▶ [EXERCISE DESCRIPTION] Word for word, copy out the data below, omitting pictures.

:::

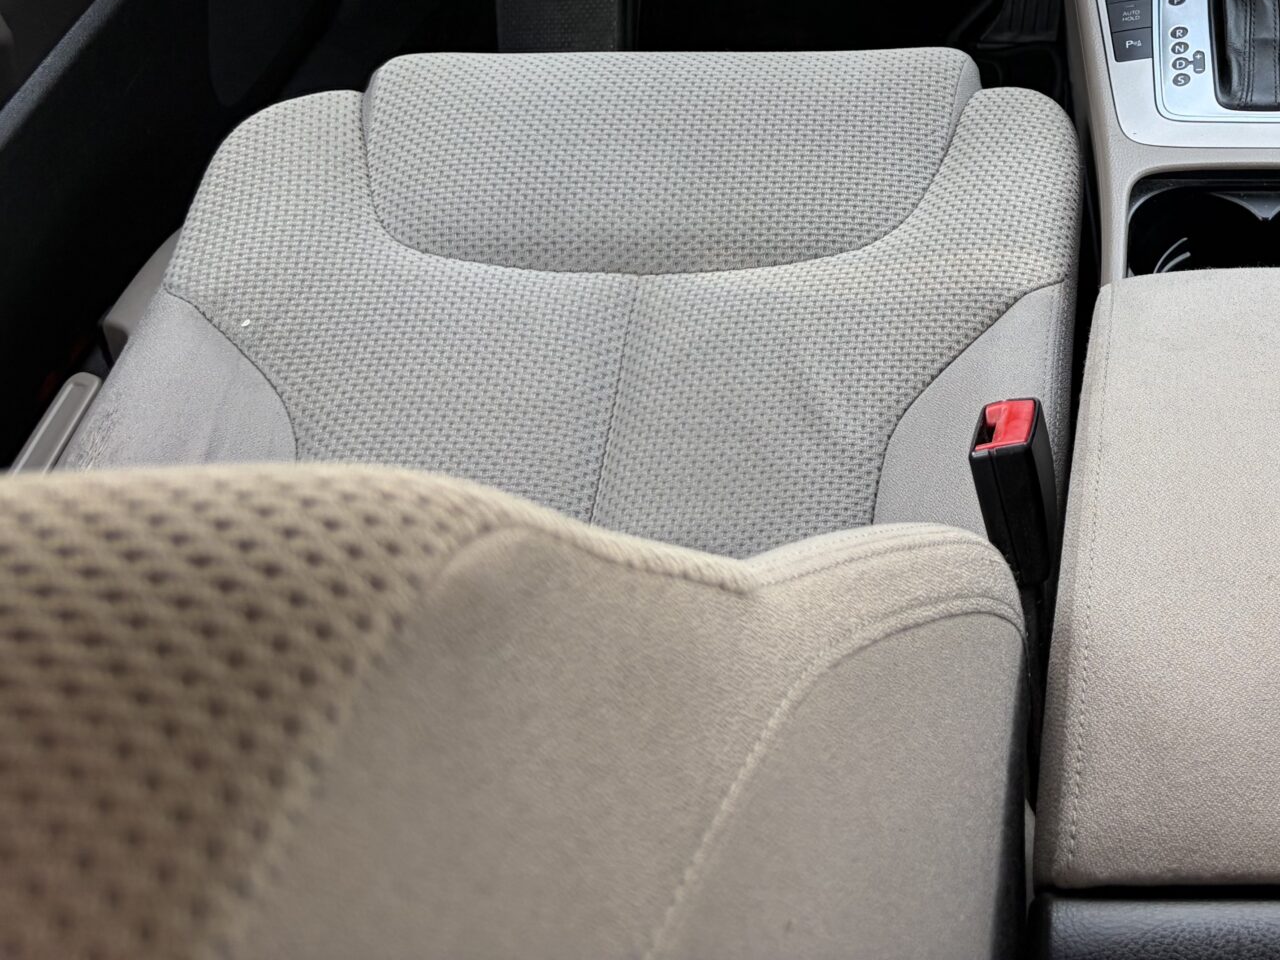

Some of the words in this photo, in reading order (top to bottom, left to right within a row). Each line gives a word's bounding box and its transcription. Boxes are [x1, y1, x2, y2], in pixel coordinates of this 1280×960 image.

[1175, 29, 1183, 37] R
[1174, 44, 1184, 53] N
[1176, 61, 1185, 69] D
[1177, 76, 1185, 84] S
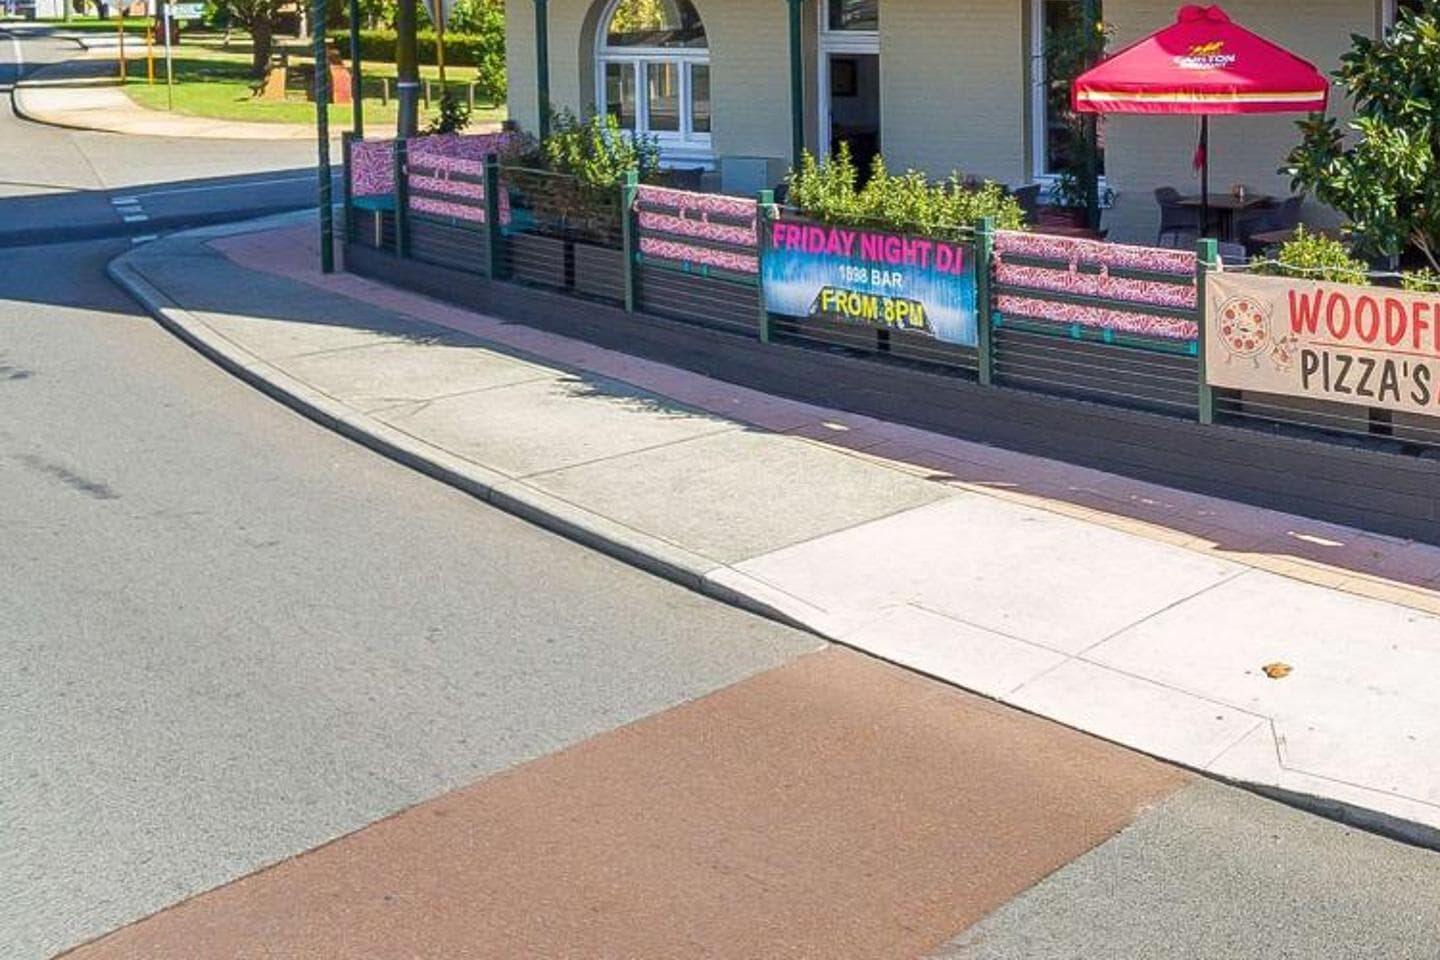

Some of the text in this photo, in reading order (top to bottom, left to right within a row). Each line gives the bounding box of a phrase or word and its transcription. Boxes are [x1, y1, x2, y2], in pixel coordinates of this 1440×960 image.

:::

▶ [TASK SOLUTION]
Some of the words in this photo, in reading order (top to bottom, left to right within a row). Each line gives a word's bounding box and its transcription. Boxes are [x1, y1, x2, y2], in pixel coordinates of this 1280×960 image.

[1175, 29, 1183, 37] R
[1174, 44, 1184, 53] N
[1176, 61, 1185, 69] D
[1177, 76, 1185, 84] S

Some of the text in this photo, in reading order (top to bottom, left to right within a row). Each line gives the bounding box of a phrase or word and its transcription. Boxes are [x1, y1, x2, y2], in pixel coordinates of this 1440×960 image.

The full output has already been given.